O Ofício-Circular CVM/SMI 05/15 fornece orientações detalhadas sobre rotinas e controles internos para a prevenção à lavagem de dinheiro e ao financiamento do terrorismo (PLDFT), conforme a Instrução CVM nº 301/99 e suas alterações. Destina-se a instituições do sistema de distribuição de valores mobiliários, escrituradores, depositários centrais e custodiantes.
Destaca-se que a comunicação de operações suspeitas deve ser feita ao COAF, mesmo sem convicção de ilicitude, bastando a identificação de indícios de crimes de lavagem de dinheiro.
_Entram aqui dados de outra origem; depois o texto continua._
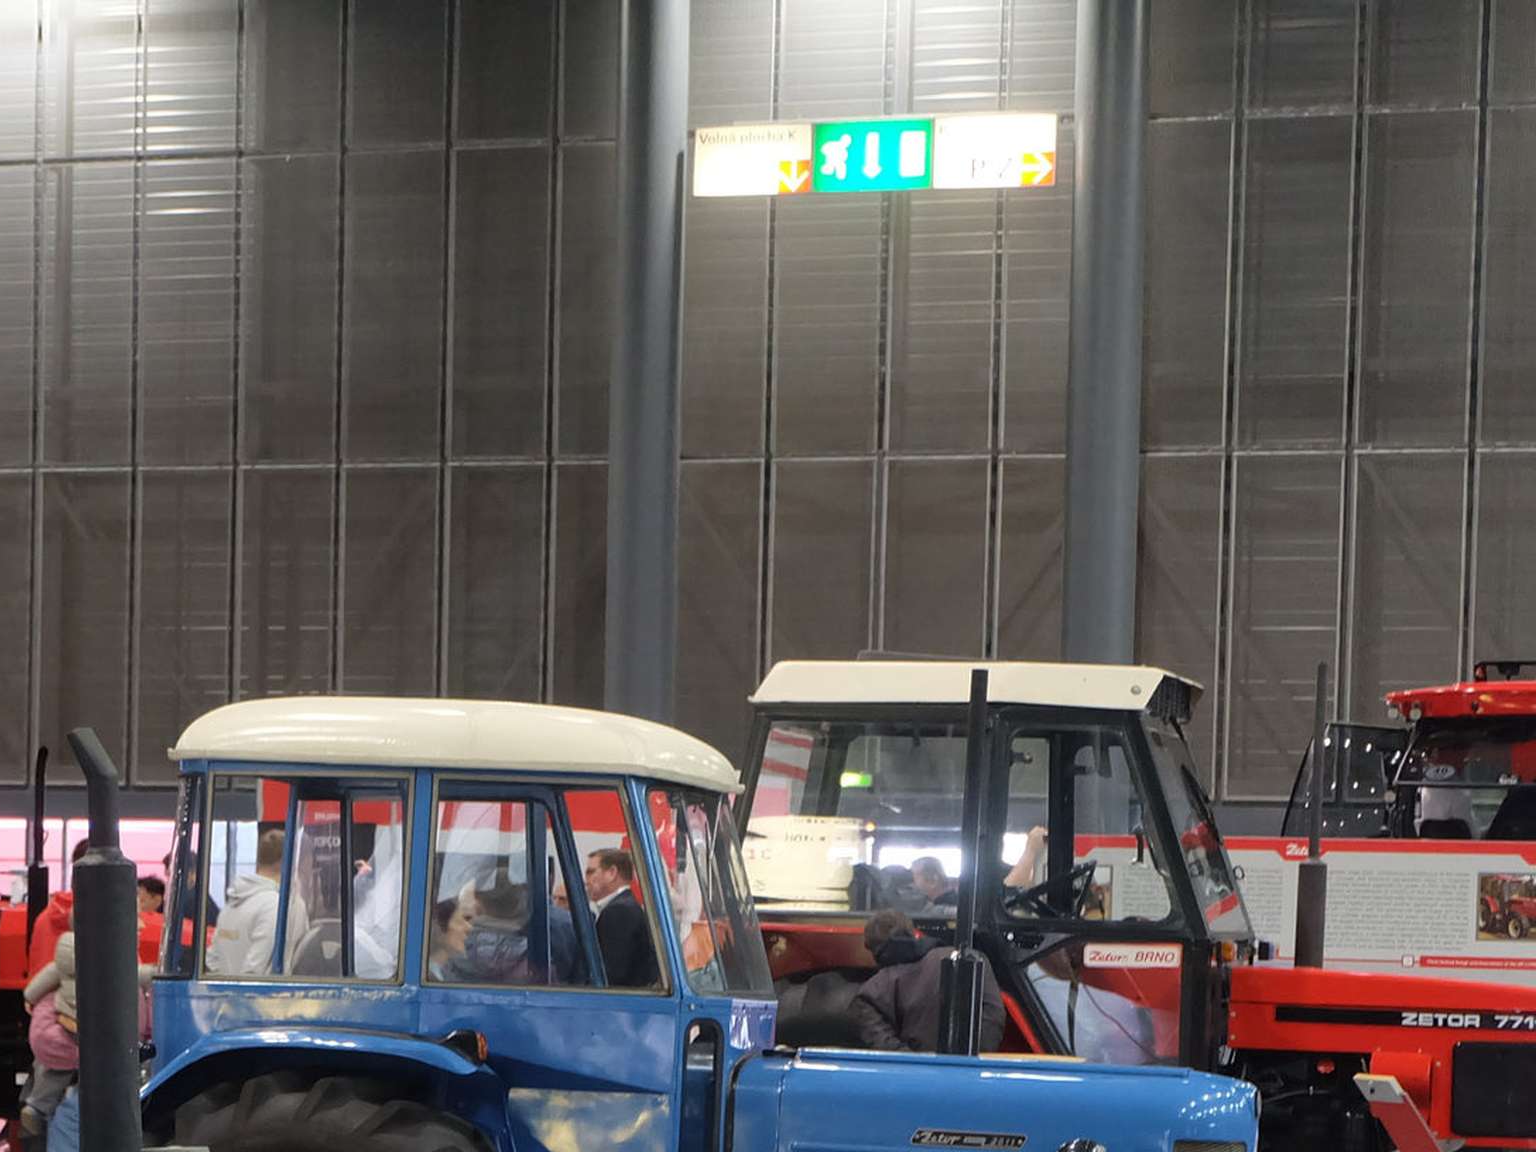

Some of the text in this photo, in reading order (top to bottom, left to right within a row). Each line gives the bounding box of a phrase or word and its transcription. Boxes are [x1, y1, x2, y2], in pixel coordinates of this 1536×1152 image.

[1134, 951, 1175, 964] BRNO
[1401, 1011, 1481, 1029] ZETOR
[917, 1131, 962, 1146] Zetor
A CVM alerta que comunicações consolidadas apenas ao Banco Central do Brasil (BACEN) são inadequadas e devem ser evitadas.
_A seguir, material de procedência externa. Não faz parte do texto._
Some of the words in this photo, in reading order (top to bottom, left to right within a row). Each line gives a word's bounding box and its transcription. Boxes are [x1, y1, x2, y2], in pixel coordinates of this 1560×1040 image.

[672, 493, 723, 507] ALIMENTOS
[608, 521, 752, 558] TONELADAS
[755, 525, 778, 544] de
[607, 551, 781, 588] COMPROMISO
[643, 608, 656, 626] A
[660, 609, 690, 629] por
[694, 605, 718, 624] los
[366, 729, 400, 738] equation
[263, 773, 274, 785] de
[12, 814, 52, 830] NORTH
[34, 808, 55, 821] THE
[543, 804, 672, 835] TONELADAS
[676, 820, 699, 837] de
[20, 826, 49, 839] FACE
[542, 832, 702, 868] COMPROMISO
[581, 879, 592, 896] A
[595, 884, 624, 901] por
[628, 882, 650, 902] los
As instituições devem manter sistemas de controle e monitoramento eficazes e proporcionais para identificar operações atípicas. Especial atenção deve ser dada a investidores não residentes, investidores de Private Banking e pessoas politicamente expostas, conforme o artigo 6º, § 1º, da Instrução CVM nº 301/99.
O Ofício também aborda a necessidade de monitoramento de todas as operações para identificar sinais de alerta descritos no artigo 6º da Instrução CVM nº 301/99. As instituições devem manter registros das análises de operações suspeitas por pelo menos cinco anos.
Além disso, o documento reforça a obrigatoriedade de envio de declarações negativas ao COAF, caso não haja comunicações de operações suspeitas durante o ano civil, conforme o artigo 7º-A da Instrução CVM nº 301/99. As orientações para habilitação e uso do sistema Siscoaf estão disponíveis no portal do COAF.